Monday, October 7, 2013

American Mary (2012)


Mary is a top-of-her-class surgical student who finds herself struggling with her finances and her overbearing lead professor. A chance encounter with a minor crime boss who needs someone to perform an emergency procedure leads Mary into a world of high-paying unliscenced surgeries.

Before long, Mary leaves medical school behind for a successful underground surgical practice in which she becomes something of a celebrity among "body modification" enthusiasts. But along with the money and noteriety comes a downward spiral paranoia, a detachment from humanity, and murder.

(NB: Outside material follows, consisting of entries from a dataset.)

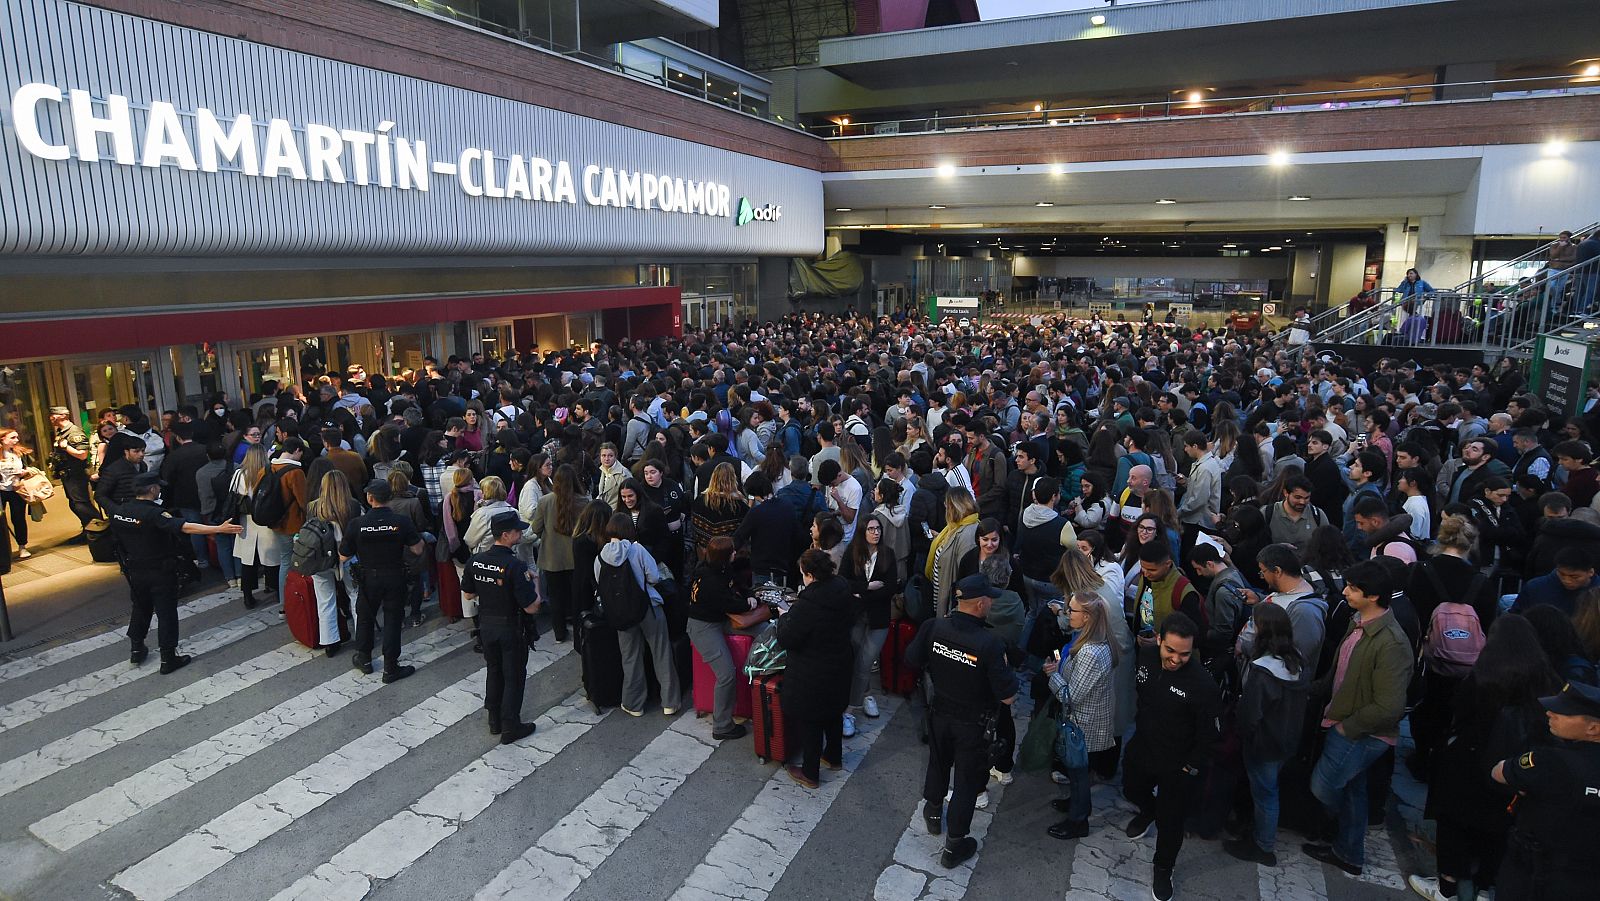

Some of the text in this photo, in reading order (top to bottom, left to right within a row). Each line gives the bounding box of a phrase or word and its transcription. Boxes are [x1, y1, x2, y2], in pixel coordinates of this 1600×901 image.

[583, 164, 731, 217] CAMPOAMOR
[753, 203, 782, 221] adif
[1559, 347, 1571, 355] adif
[113, 514, 137, 523] POLICIA
[472, 561, 500, 573] POLICIA
[932, 647, 977, 668] NACIONAL
[933, 641, 968, 659] POLICIA
[1169, 685, 1186, 698] NASA

Despite some horrific imagery, particularly for the prudish out there, and unflinching closeups of surgical procedures, it's hard to classify American Mary as a "horror" movie. It's more of a crime thriller with a dash of "body horror" thrown in for flavor. But in this case, you can't reflexively attach the adjective that is most associated with body horror - "Cronenbergian."

American Mary eschews Cronenberg's otherworldly mutations and twisted plasticene flesh for a more down-to-Earth, realistic sensibility. After all, as unusual as the body modifications may be to most viewers, they are grounded in the real world. Somebody out there is into each of the modifications we see, I'm certain.

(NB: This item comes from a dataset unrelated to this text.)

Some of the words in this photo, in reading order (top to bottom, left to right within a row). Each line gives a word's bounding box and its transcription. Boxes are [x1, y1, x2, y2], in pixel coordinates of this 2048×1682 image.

American Mary reminds me most of the 1993 oddity, Boxing Helena, for reasons that become obvious throughout the course of the movie. Beyond just the bizarre and grotesque surgeries, both movies share a theme of taking the power and control of your life in even the strangest, direst of circumstances. 

American Mary is a movie about owning yourself and choosing your own path. When we first meet Mary, her mind and talent for surgery are being held back by the societal conventions of school and the process of paying your dues. Only when she doesn't play by the rules does she come to embrace what she wants out of life. After too long a life of other people having power over her, she takes that power for herself and thrives. Of course, there are consequences for every action, and when those consequences come her way, the question becomes, "was it worth it?" It's up to you to decide.